As I needed some binary to compare, I chose the example announce:
//! An example for how to send text to the display.
/// [1]
use clap::Parser;
use servicepoint::{
CharGrid, CharGridCommand, ClearCommand, Connection, UdpConnection,
TILE_WIDTH,
};
/// [2]
#[derive(Parser, Debug)]
struct Cli {
#[arg(short, long, default_value = "localhost:2342",
help = "Address of the display")]
destination: String,
#[arg(short, long, num_args = 1.., value_delimiter = '\n',
help = "Text to send - specify multiple times for multiple lines")]
text: Vec<String>,
#[arg(short, long, default_value_t = true,
help = "Clear screen before sending text")]
clear: bool,
}
/// example: `cargo run -- --text "Hallo" --text "CCCB"`
fn main() {
/// [3]
let mut cli = Cli::parse();
if cli.text.is_empty() {
cli.text.push("Hello, CCCB!".to_string());
}
/// [4]
let connection = UdpConnection::open(&cli.destination)
.expect("could not connect to display");
/// [5]
if cli.clear {
connection.send(ClearCommand).expect("sending clear failed");
}
let text = cli.text.join("\n"); /// [6]
let command: CharGridCommand = CharGrid::wrap_str(TILE_WIDTH, &text).into(); /// [7]
connection.send(command).expect("sending text failed"); /// [8]
}
Let's just run you through the program quickly.
- Some imports of the used libraries.
- The structure
Cli
is defined to hold the command line arguments. clap is used to automatically derive aParser
from the attributes on the fields. - The command line arguments are parsed and a default value for the text to send is set.
- A UDP connection is opened1
- Depending on the arguments, the screen is cleared.
- All text snippets provided as an argument are concatenated with newlines in between.
--text "Hallo" --text "CCCB"
turns intoHallo\nCCCB
. - The string is wrapped to the width of the display, resulting in a
CharGrid
, which is then immediately turned into aCharGridCommand
. No fields are changed after this, so the text will be rendered in the top left of the screen when executed on the display. - The command is sent to the display.
At some steps, the program panics with an error message in case something went wrong.
I started with rustc 1.82.0 (f6e511eec 2024-10-15)
from nixpkgs 0ff09db9d034a04acd4e8908820ba0b410d7a33a
.
For compiling the example, I just used the usual cargo build --release --example announce
and checked the binary size with ll -B target/release/examples
.
The resulting size was 1.1 MB, which should be easy enough to beat.
Low hanging fruits
Compiler options
The first thing that came to mind was -Os
, so compiling for binary size. The rust equivalent is opt-level = "s"
, or z
to also disable loop vectorization.
Option | size in isolation (change) | size cumulative (change) |
---|---|---|
baseline | 1.137.384 | 1.137.384 |
opt-level = 'z' | 1.186.104 | 1.186.104 |
opt-level = 's' | 1.120.416 | 1.120.416 |
lto = true | 914.496 | 808.528 |
codegen-units = 1 | 982.904 | 775.888 |
panic = 'abort' | 979.840 | 703.096 |
strip = true | 915.944 | 580.056 |
switching back to opt-level = 'z' | 555.480 |
So it turns out, if you want to halve your binary size, a few flags are enough in stable rust. Also, the combinations of those settings do not work linearly, and sometimes what resulted in a smaller binary before now increased the size. The only compromise apart from compilation time is the change in panic behavior, as this means no stack traces on crash2.

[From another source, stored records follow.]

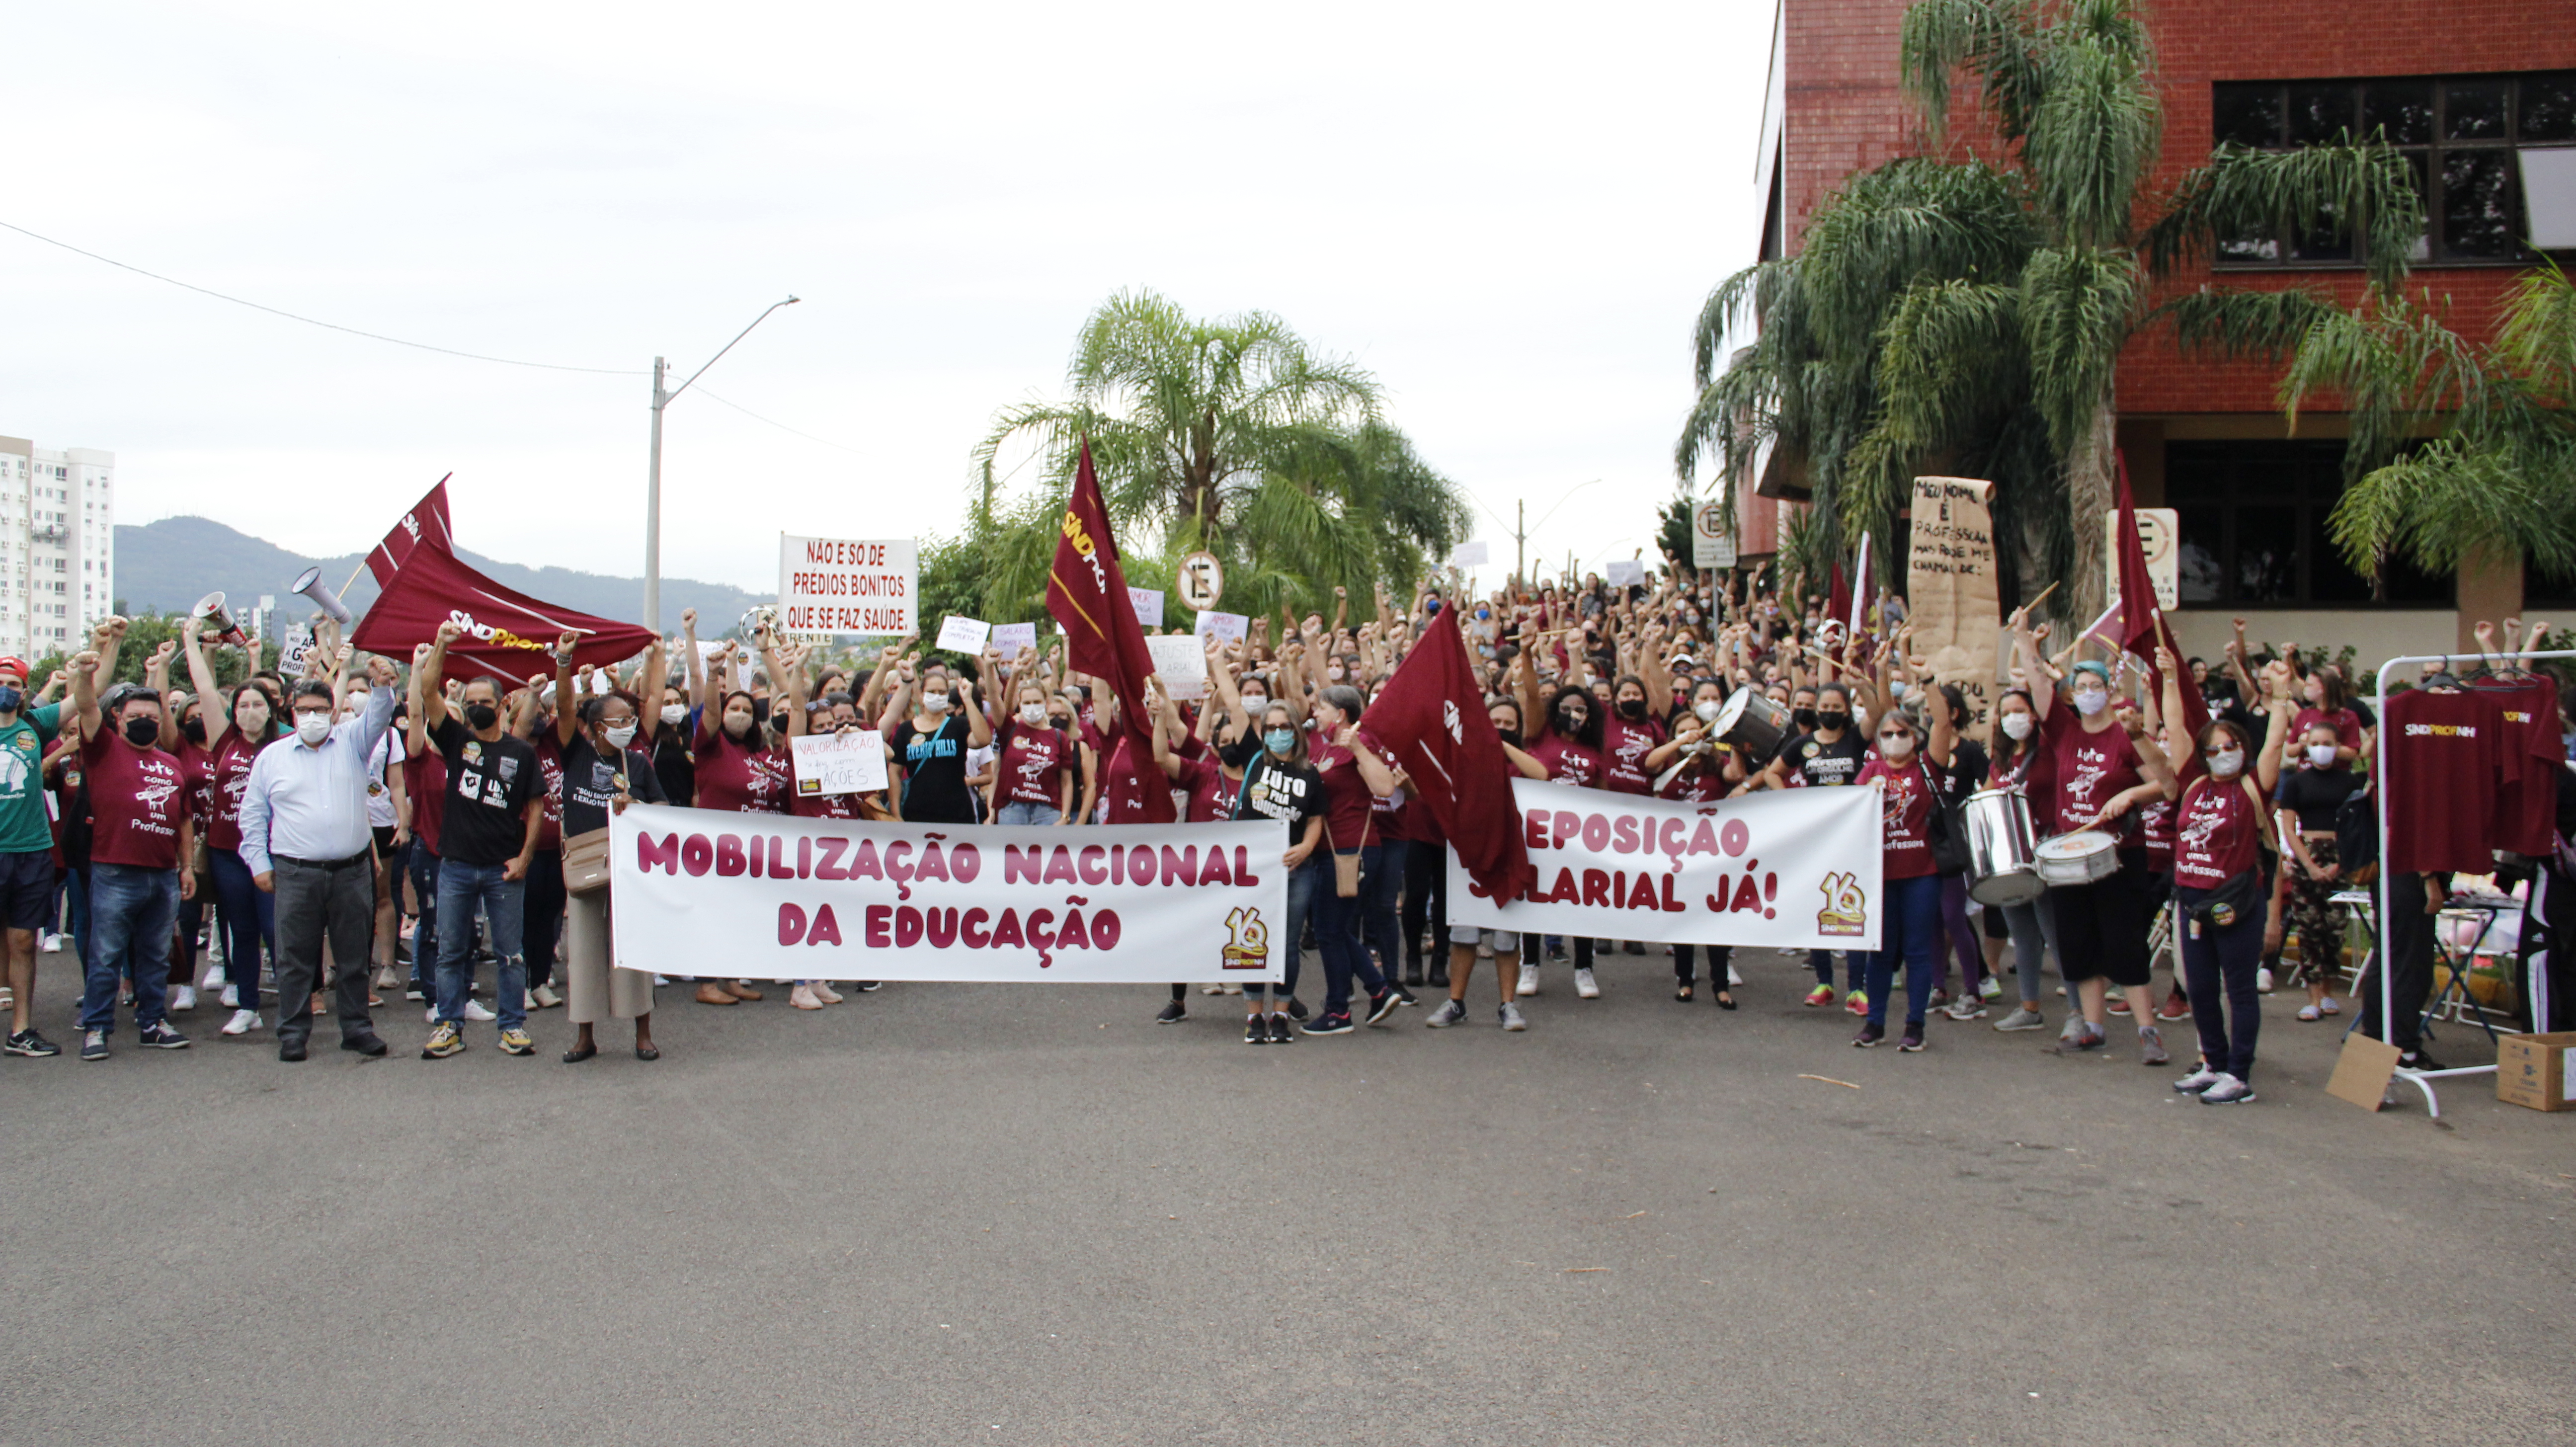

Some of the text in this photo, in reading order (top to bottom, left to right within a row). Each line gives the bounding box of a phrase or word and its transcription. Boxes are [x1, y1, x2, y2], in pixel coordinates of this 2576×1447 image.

[807, 539, 886, 566] NÃO É SÓ DE
[794, 568, 905, 597] PRÉDIOS BONITOS
[1192, 564, 1210, 598] E
[788, 604, 908, 630] QUE SE FAZ SAÚDE.
[799, 734, 876, 755] VALORIZAÇÃO
[935, 739, 957, 758] HILLS
[2077, 747, 2106, 763] Lute
[144, 775, 172, 786] como
[823, 765, 869, 787] AÇÕES
[1260, 765, 1306, 798] LUTO
[1269, 789, 1289, 805] PELA
[2072, 802, 2094, 811] uma
[150, 811, 167, 821] um
[1526, 807, 1750, 873] EPOSIÇÃO
[637, 831, 1260, 901] MOBILIZAÇÃO NACIONAL
[2186, 852, 2212, 862] uma
[1706, 858, 1777, 920] JÁ!
[1820, 871, 1864, 914] 16
[778, 895, 1121, 968] DA EDUCAÇÃO
[1224, 906, 1267, 948] 16

To only compile like this in specific szenarios, you can add a new profile to a crates Cargo.toml
like this:
[profile.size-optimized]
inherits = "release"
opt-level = 's' # Optimize for size
lto = true # Enable link-time optimization
codegen-units = 1 # Reduce number of codegen units to increase optimizations
panic = 'abort' # Abort on panic
strip = true # Strip symbols from binary
The profile can be used by passing --profile=size-optimized
instead of --release
to cargo build
.
Because of the different profile, the binary ends up in a different folder (ll -B target/size-optimized/examples
to check size).
Features
Rust has a very handy way to represent variability in a library called features.
The servicepoint
library has the following declaration in it's Cargo.toml
:
[features]
default = ["compression_lzma", "protocol_udp", "cp437"]
compression_zlib = ["dep:flate2"]
compression_bzip2 = ["dep:bzip2"]
compression_lzma = ["dep:rust-lzma"]
compression_zstd = ["dep:zstd"]
all_compressions = ["compression_zlib", "compression_bzip2", "compression_lzma", "compression_zstd"]
rand = ["dep:rand"]
protocol_udp = []
protocol_websocket = ["dep:tungstenite"]
cp437 = ["dep:once_cell"]
Line two means by default, cargo will enable LZMA compression, sending via UDP sockets and conversion between CP-437 and UTF-8. Each of those features pulls in an optional dependency (which is why I made those features toggleable in the first place). In the code, CP-437 and compression are not needed3, but UDP is obviously used.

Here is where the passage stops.